Em sua 14ª edição, o Seminário Nacional de Diretrizes para a Educação em Enfermagem traz para o debate o ensino para uma formação ética e responsável.

Flavia Lima


Sob o tema Educação em Enfermagem: qualidade, inovação e responsabilidade, a Associação Brasileira de Enfermagem (ABEn) promoveu, de 6 a 8 de agosto, o 14º Seminário Nacional de Diretrizes para a Educação em Enfermagem (SENADEn), em em Maceió (AL), reunindo cerca de 700 participantes de vários estados brasileiros e países da América Latina, Caribe e Portugal, bem como a Rede de Escolas Técnicas do SUS (RET-SUS). Estruturado em três eixos temáticos — Modelos pedagógicos inovadores potentes para a formação generalista, ética e responsável de profissionais de enfermagem; Formação em Enfermagem e o cenário atual do trabalho em saúde nacional e internacional; e Pós-Graduação e Pesquisa —, o evento agregou, ao todo, 550 trabalhos científicos e relatos de experiências. “A presença de vários segmentos da educação, bem como das escolas técnicas do SUS, culminou em um caldeirão de ideias e propostas”, observou a presidente da ABEn e do 14º SENADEn, Ângela Maria Alvarez. “Devemos consolidar ainda mais essa parceria com a Rede”, anunciou. Não por um acaso que o Seminário Nacional da RET-SUS aconteceu concomitantemente ao 66º Congresso Brasileiro de Enfermagem (CBEn), organizado pela ABEn, de 27 a 30 de outubro, em Belém (PA).

Seguindo a tradição, o 14º SENADEn — realizado em parceria com a Universidade Federal de Alagoas (Ufal) — foi dividido em conferências, mesas-redondas, cursos, oficinas, reuniões de interesse, fóruns, atividades culturais e lançamento de produções acadêmicas, além da Tenda de Educação Popular em Saúde Damião Alexandrino, culminando na aprovação da Carta de Maceió para a Educação em Enfermagem (documento editado no box da pág.07), cujo objetivo foi favorecer o envolvimento e o compromisso da comunidade acadêmica com as questões relativas à política de formação profissional e propiciar a discussão à respeito de parcerias institucionais, internas e externas à Enfermagem. “Esse evento tem oportunizado debates e reflexões que se tornaram proposições de reformulação das diretrizes curriculares na área”, esclareceu Ângela.
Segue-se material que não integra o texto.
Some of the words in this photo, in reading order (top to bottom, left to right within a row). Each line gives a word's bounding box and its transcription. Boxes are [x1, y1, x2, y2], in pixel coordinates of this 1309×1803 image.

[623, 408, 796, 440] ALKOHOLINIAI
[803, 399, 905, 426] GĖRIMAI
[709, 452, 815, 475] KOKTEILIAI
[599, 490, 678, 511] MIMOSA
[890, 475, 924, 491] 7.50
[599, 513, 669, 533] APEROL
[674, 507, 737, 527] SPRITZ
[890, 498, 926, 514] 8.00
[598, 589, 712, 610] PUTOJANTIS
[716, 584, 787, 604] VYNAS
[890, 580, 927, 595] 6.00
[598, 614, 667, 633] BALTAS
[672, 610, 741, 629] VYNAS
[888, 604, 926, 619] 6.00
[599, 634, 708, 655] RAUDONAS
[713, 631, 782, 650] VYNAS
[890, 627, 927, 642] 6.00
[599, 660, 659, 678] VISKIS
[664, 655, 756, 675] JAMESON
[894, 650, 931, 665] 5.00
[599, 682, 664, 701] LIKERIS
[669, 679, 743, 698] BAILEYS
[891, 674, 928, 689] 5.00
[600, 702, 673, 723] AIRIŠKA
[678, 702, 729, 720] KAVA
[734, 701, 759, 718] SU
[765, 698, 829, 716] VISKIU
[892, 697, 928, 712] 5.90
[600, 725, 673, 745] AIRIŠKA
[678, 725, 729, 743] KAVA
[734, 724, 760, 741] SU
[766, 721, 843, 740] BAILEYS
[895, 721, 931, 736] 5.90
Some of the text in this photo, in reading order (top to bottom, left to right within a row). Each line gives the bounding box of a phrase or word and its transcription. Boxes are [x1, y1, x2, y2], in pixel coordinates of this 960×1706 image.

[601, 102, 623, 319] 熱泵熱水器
Ela discorreu, ainda, sobre o compromisso da associação com as causas relacionadas ao desenvolvimento técnico, científico e político da categoria, a exemplo da participação da ABEn na mobilização pela regulamentação da jornada semanal de trabalho de 30 horas para a Enfermagem. “Não há acordo para inclusão do Projeto de Lei sobre o tema na pauta da Câmara dos Deputados, diminuindo nossas chances de ter a proposta aprovada ainda neste ano, mas continuamos na luta”, destacou, referindo-se ao Projeto de Lei nº 2.295/2000, que há 14 anos tramita na Casa Parlamentar.

Intensa participação

Na roda de conversa Capacitação de Facilitadores do Curso Qualidade e Segurança do Paciente, o objetivo foi apresentar a proposta de formação que envolve profissionais da enfermagem de hospitais e das ETSUS. O curso, organizado pelo Ministério da Saúde e Hospital Sírio Libanês, tem como objetivos promover a discussão e a disseminação do conceito de segurança do paciente e fortalecer os núcleos de segurança do paciente nas organizações de saúde, por meio da capacitação de enfermeiros facilitadores. Segundo o coordenador-geral de Ações Técnicas em Educação na Saúde do Departamento de Gestão da Educação na Saúde da Secretaria de Gestão do Trabalho e da Educação na Saúde do Ministério da Saúde (Deges/Sgtes/MS) e da RET-SUS, Aldiney José Doreto, a meta é atingir, na primeira etapa, 200 profissionais — 80% provenientes de hospitais e 20% das ETSUS. Os encontros — que serão presenciais — acontecem entre agosto e dezembro deste ano, colocando em debate questões como protocolos de segurança, ferramentas de ensino e qualidade, além do próprio Programa Nacional de Segurança do Paciente.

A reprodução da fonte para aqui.